There are boarded restaurants and empty conference rooms, and characters routinely remark on the world as it used to be. In one scene, a character asks another what the vast halls of an aquarium must have felt like packed with children. In another, Ellie and a friend walk through the remnants of a comic book convention. Not all of this is sad: One of the game’s sweeter scenes is a moment where Ellie plays her girlfriend Dina a song with a guitar she finds in an abandoned music store.

Naughty Dog revealed Ellie’s sexuality in 2014, in a short interstitial game called The Last of Us: Left Behind. Social media bottom-dwellers protested in the usual manner of bombarding Druckmann’s Twitter account with bigotry and making YouTube videos accusing him of a “social justice warrior” agenda. When one fan asked Druckmann to leave his personal politics out of his games, he replied: “No can do.”

Any thought that he would back away from the issue in the second game was dispensed by a 2018 game trailer that showed a passionate kiss between Ellie and Dina. Gay characters are not new to games — hundreds of independent titles explore themes of sexuality and gender identity — but Ellie stands out because she is the protagonist of an aggressive, big-budget game aimed at the medium’s core male audience.

“It has LGBT representation at the centre of the game,” said Bonnie Ruberg, a professor of film and media studies at the University of California, Irvine. “On the business side, it represents at least one company’s willingness to step up and say, ‘We are going to put the money and time into this representation.’ Because historically, that’s the line studios use to avoid it — they say, ‘These games are so expensive to make that we don’t want to alienate our core player base’.”

Gamers play The Last of Us Part II in New York. By Brian Finke © 2020 The New York Times

Bottling up the plot

Between work delays, pandemic delays, spoilers and a March investigation by the gaming site Kotaku that called out the company’s punishing culture of overwork, Naughty Dog has been the subject of so much bad news that The Onion created a satirical running narrative of its problems.

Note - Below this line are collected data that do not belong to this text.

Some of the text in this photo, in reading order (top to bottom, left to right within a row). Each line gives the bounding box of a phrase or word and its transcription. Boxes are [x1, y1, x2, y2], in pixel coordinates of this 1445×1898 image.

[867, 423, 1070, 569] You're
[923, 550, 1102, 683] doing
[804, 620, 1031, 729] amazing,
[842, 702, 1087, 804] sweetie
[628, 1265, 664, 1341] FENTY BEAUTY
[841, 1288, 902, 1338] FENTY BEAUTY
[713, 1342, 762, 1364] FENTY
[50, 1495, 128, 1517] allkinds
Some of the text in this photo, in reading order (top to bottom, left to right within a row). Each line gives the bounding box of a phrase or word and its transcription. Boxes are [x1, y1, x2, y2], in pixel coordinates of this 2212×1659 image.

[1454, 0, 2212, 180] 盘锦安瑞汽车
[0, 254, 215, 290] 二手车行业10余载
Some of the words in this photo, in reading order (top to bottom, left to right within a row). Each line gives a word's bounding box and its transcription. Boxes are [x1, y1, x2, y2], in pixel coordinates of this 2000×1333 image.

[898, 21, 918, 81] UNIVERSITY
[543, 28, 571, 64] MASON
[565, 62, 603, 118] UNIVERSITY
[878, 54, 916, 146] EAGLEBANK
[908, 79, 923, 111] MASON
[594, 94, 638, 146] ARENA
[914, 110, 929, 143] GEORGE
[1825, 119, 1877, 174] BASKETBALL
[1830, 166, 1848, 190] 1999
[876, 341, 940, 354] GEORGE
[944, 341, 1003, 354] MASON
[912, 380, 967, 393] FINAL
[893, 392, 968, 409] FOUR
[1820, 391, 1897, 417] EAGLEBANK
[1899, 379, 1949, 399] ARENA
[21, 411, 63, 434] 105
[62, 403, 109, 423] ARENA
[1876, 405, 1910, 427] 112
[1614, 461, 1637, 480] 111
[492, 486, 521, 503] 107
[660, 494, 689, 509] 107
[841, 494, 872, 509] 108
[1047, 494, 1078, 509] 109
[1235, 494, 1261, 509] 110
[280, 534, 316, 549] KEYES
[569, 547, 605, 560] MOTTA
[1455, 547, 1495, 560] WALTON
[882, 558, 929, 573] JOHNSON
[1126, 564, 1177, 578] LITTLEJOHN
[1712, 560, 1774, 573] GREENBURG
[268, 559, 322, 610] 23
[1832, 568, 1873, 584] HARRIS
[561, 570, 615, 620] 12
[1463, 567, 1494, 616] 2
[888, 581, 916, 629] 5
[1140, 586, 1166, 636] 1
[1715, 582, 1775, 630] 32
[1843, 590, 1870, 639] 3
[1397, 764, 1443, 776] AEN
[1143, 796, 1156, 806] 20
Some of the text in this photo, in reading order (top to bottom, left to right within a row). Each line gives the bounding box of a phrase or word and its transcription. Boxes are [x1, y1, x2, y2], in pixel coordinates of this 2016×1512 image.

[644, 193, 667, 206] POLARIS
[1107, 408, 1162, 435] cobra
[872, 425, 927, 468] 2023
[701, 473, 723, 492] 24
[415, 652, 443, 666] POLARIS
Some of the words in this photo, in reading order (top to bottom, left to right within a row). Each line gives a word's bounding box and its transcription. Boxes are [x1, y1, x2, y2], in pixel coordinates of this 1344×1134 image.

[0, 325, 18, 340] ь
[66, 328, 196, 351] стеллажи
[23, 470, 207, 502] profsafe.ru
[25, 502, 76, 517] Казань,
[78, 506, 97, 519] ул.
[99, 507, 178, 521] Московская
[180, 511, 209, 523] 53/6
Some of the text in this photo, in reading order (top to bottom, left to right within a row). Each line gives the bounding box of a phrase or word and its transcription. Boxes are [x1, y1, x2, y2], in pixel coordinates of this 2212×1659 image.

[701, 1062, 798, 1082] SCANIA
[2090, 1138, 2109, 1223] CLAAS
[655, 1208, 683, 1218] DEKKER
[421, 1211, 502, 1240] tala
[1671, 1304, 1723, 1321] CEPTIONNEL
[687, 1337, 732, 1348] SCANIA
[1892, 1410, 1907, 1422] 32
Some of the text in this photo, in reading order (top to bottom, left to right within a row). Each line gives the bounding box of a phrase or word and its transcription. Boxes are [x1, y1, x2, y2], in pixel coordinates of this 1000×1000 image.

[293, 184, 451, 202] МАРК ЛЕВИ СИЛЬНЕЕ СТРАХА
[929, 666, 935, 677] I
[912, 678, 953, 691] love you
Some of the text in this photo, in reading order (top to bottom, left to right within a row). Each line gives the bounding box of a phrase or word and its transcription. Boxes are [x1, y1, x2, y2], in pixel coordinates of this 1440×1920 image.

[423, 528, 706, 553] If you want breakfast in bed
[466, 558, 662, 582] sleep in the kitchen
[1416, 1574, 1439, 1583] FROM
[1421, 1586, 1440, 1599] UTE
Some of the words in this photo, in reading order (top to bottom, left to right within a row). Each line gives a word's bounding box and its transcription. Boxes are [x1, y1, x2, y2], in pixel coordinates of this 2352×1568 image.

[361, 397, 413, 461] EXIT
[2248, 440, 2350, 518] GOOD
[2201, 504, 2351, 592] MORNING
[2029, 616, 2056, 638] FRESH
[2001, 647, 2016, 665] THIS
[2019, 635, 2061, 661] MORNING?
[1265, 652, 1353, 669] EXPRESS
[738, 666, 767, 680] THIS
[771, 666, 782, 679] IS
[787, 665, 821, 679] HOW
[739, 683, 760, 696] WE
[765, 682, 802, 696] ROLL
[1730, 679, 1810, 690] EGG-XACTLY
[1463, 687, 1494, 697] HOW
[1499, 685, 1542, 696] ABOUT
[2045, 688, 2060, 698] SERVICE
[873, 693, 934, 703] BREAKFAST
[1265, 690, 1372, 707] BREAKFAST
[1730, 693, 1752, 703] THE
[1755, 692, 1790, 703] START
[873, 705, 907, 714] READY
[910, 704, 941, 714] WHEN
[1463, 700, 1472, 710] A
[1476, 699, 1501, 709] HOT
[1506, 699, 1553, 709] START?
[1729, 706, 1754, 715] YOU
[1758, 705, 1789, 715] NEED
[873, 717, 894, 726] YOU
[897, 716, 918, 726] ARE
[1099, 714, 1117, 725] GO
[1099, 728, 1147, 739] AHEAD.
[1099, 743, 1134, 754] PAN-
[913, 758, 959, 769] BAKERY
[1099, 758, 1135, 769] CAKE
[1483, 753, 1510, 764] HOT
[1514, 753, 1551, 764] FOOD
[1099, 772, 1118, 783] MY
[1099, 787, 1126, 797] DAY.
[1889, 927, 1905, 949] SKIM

Druckmann said he’s unconcerned about any of this undermining sales, and the data seems to be on his side. Sony recently announced that preorders were unaffected by the leak, the title is No 1 on Amazon’s video game bestseller list, and analysts are projecting that eventually, The Last of Us Part II will rank among the most successful games ever released for the PlayStation 4 console.

Druckmann said that Sony’s marketing department would have preferred less secrecy before launch so that consumers would have more details to be excited about. But as a writer, he said, he had decided it was more fun to keep things hidden, bottling up the plot until that big day of release when everyone rushes to find out what happens at once. “It was extremely frustrating and demoralising,” he said of the leak.

In the days after the spoiler video was uploaded, he reminded himself of the thing that anyone who’s tried to expound on a game to a friend eventually realises: The good ones are so immersive that there’s really no way to explain them, much less spoil them, because they must be played to be understood. Becoming Ellie, and then Abby, will leave you surprised, frustrated, challenged and hurt — maybe even damaged. It isn’t much fun, but neither are sad movies. The ones that endure are the ones you don’t forget.